» RECORDS PROVIDED:
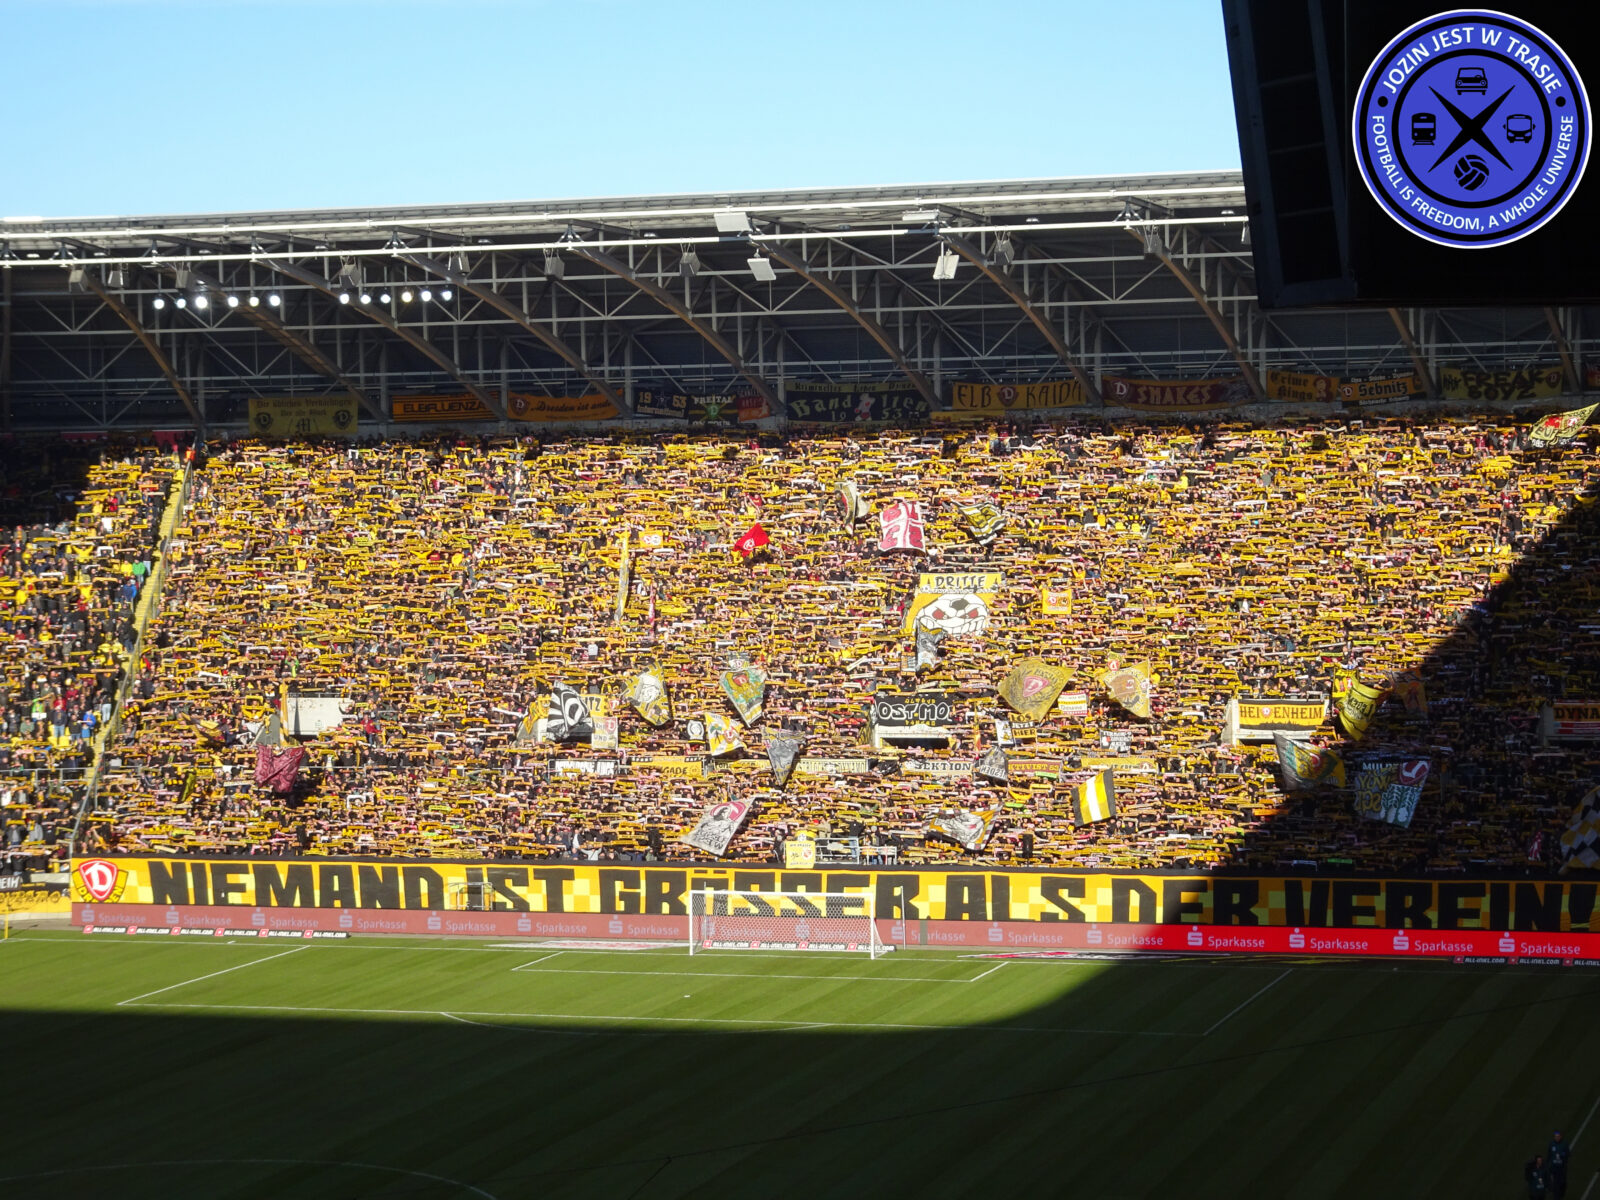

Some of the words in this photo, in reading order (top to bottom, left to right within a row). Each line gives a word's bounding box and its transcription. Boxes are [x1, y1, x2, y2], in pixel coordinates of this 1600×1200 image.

[958, 384, 992, 408] ELB
[935, 575, 986, 587] DRITTE
[148, 860, 445, 910] NIEMAND
[465, 866, 576, 913] IST
[598, 868, 920, 920] GRÖSSER
[946, 874, 1087, 923] ALS
[1111, 878, 1259, 926] DER
[99, 912, 146, 924] Sparkasse
[184, 914, 231, 926] Sparkasse
[270, 916, 319, 928] Sparkasse
[357, 918, 407, 931] Sparkasse
[445, 920, 496, 933] Sparkasse
[536, 922, 587, 935] Sparkasse
[628, 924, 680, 937] Sparkasse
[1008, 931, 1063, 945] Sparkasse
[1107, 932, 1163, 947] Sparkasse
[1208, 936, 1265, 949] Sparkasse
[1310, 937, 1368, 951] Sparkasse
[1414, 939, 1474, 953] Sparkasse
[1521, 942, 1581, 956] Sparkasse
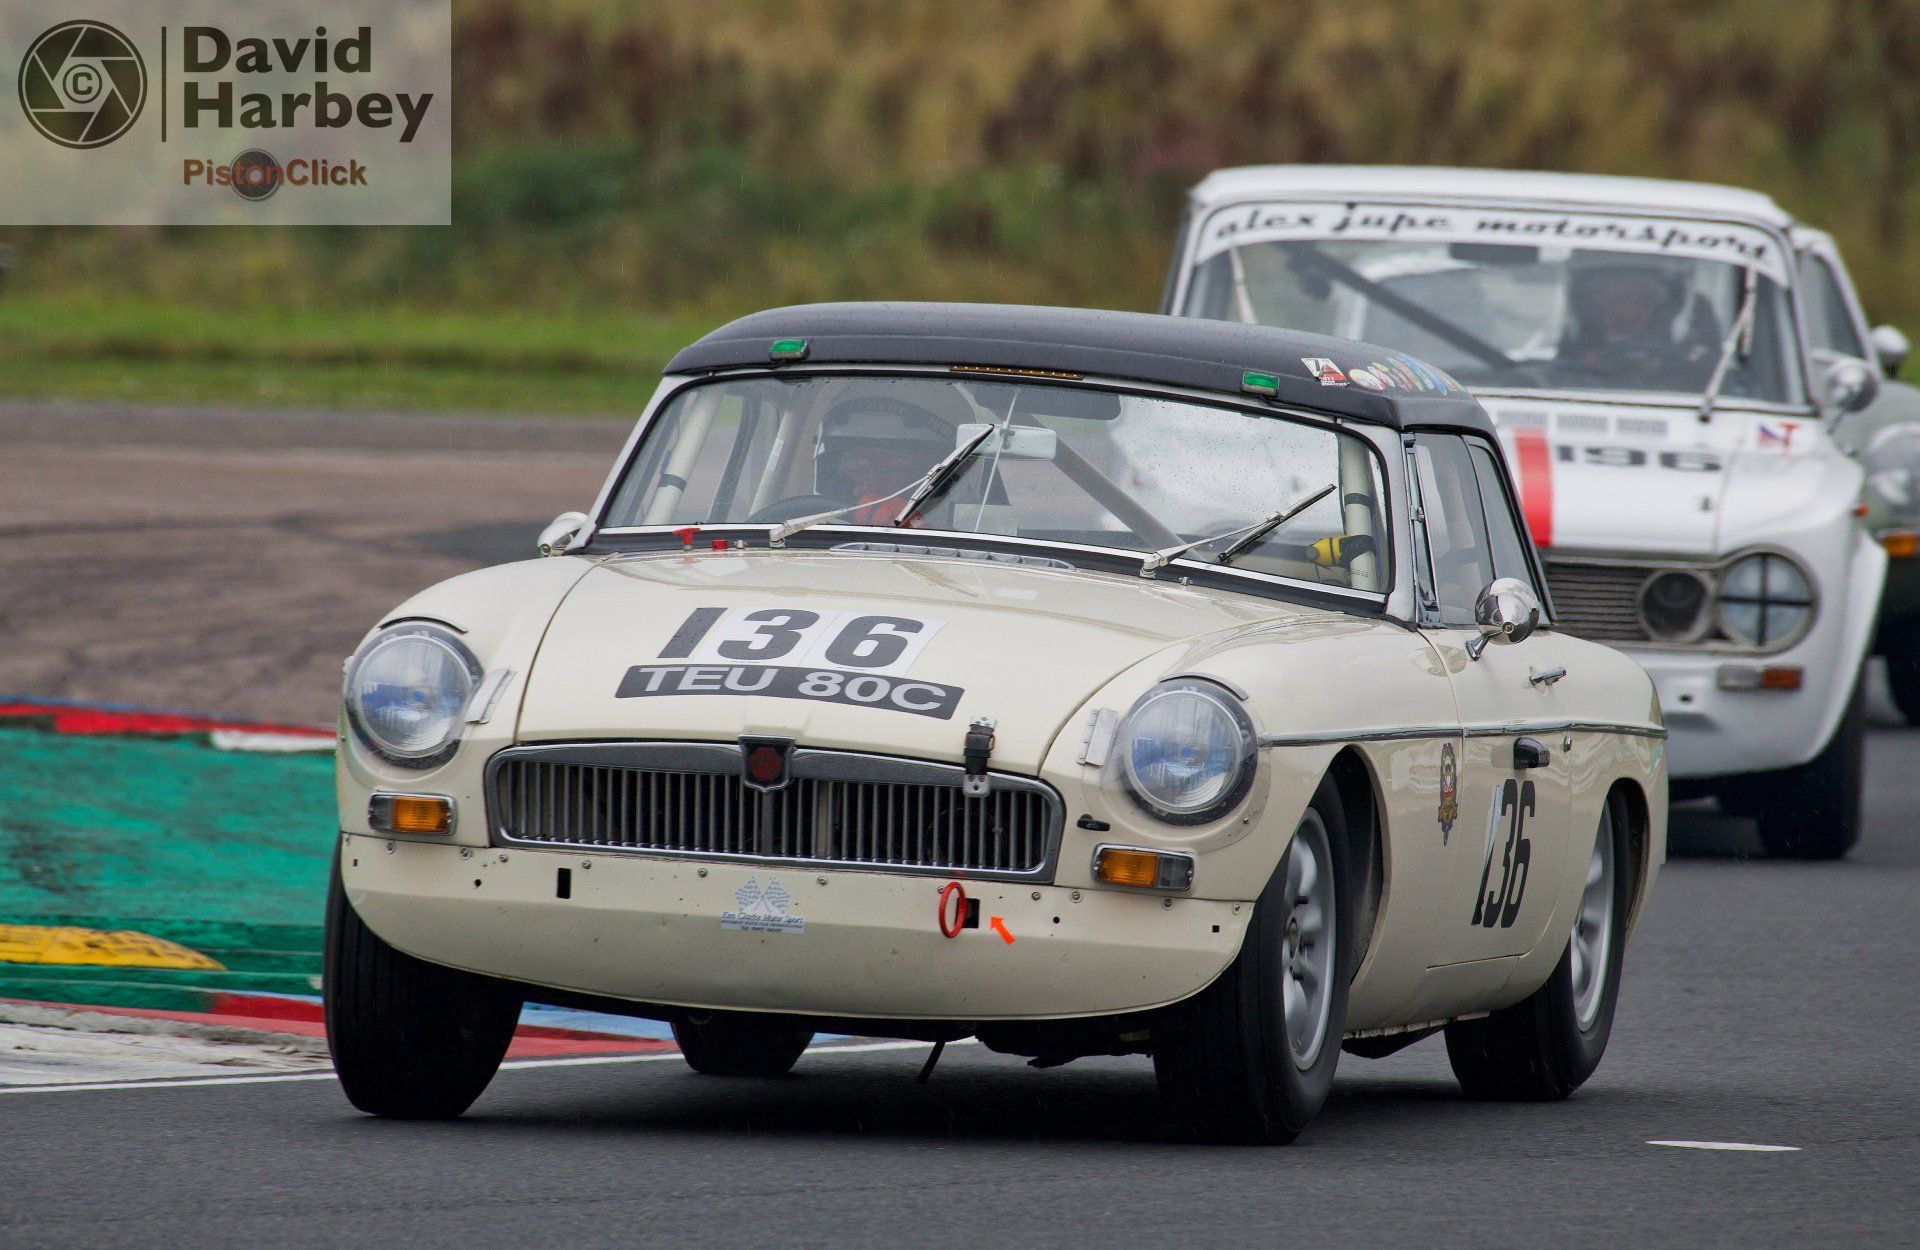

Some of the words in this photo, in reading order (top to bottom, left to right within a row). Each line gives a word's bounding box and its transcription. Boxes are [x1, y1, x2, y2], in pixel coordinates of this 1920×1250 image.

[1216, 208, 1316, 239] alex
[1331, 202, 1449, 235] jupe
[1476, 217, 1770, 261] motorsport
[657, 607, 924, 668] 136
[639, 667, 779, 692] TEU
[798, 672, 947, 711] 80C
[1471, 778, 1536, 929] 136
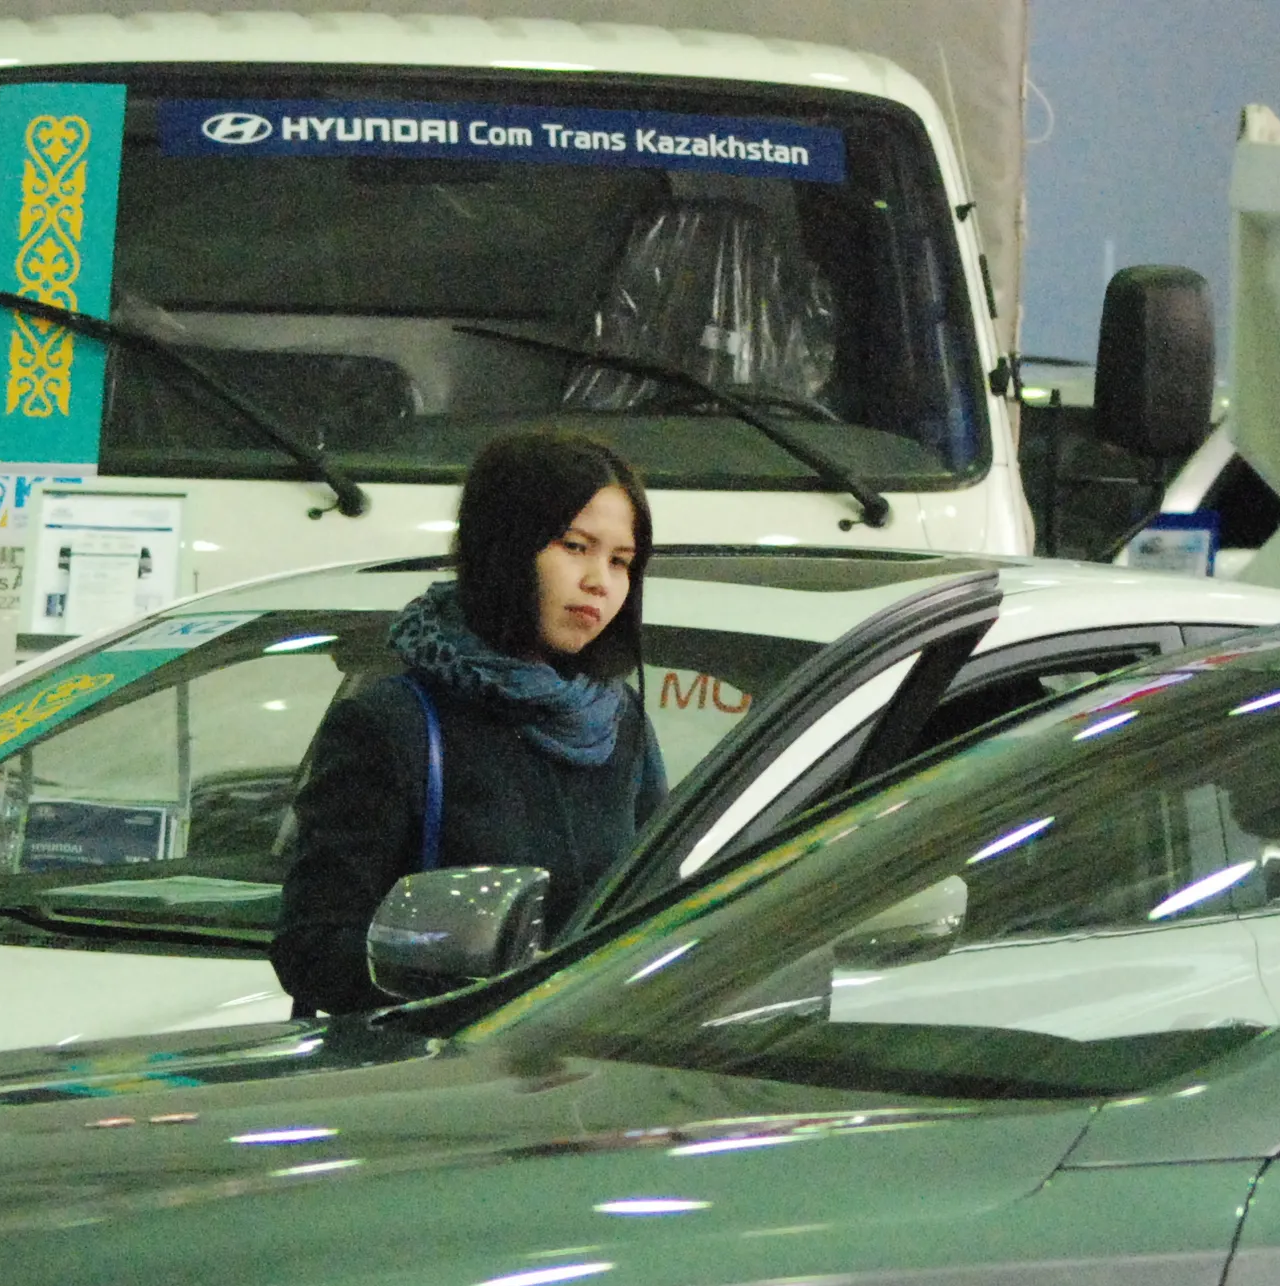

» HOW TO COMPLETE THIS TASK:
The material is to be reproduced verbatim, and no picture may appear in the copy.

» OUTPUT OF THE EXERCISE:
Some of the words in this photo, in reading order (top to bottom, left to right within a row). Each line gives a word's bounding box and its transcription. Boxes are [x1, y1, x2, y2], in pixel coordinates of this 1600×1200 image.

[958, 384, 992, 408] ELB
[935, 575, 986, 587] DRITTE
[148, 860, 445, 910] NIEMAND
[465, 866, 576, 913] IST
[598, 868, 920, 920] GRÖSSER
[946, 874, 1087, 923] ALS
[1111, 878, 1259, 926] DER
[99, 912, 146, 924] Sparkasse
[184, 914, 231, 926] Sparkasse
[270, 916, 319, 928] Sparkasse
[357, 918, 407, 931] Sparkasse
[445, 920, 496, 933] Sparkasse
[536, 922, 587, 935] Sparkasse
[628, 924, 680, 937] Sparkasse
[1008, 931, 1063, 945] Sparkasse
[1107, 932, 1163, 947] Sparkasse
[1208, 936, 1265, 949] Sparkasse
[1310, 937, 1368, 951] Sparkasse
[1414, 939, 1474, 953] Sparkasse
[1521, 942, 1581, 956] Sparkasse

Some of the words in this photo, in reading order (top to bottom, left to right within a row). Each line gives a word's bounding box and its transcription. Boxes are [x1, y1, x2, y2], in pixel coordinates of this 1920×1250 image.

[1216, 208, 1316, 239] alex
[1331, 202, 1449, 235] jupe
[1476, 217, 1770, 261] motorsport
[657, 607, 924, 668] 136
[639, 667, 779, 692] TEU
[798, 672, 947, 711] 80C
[1471, 778, 1536, 929] 136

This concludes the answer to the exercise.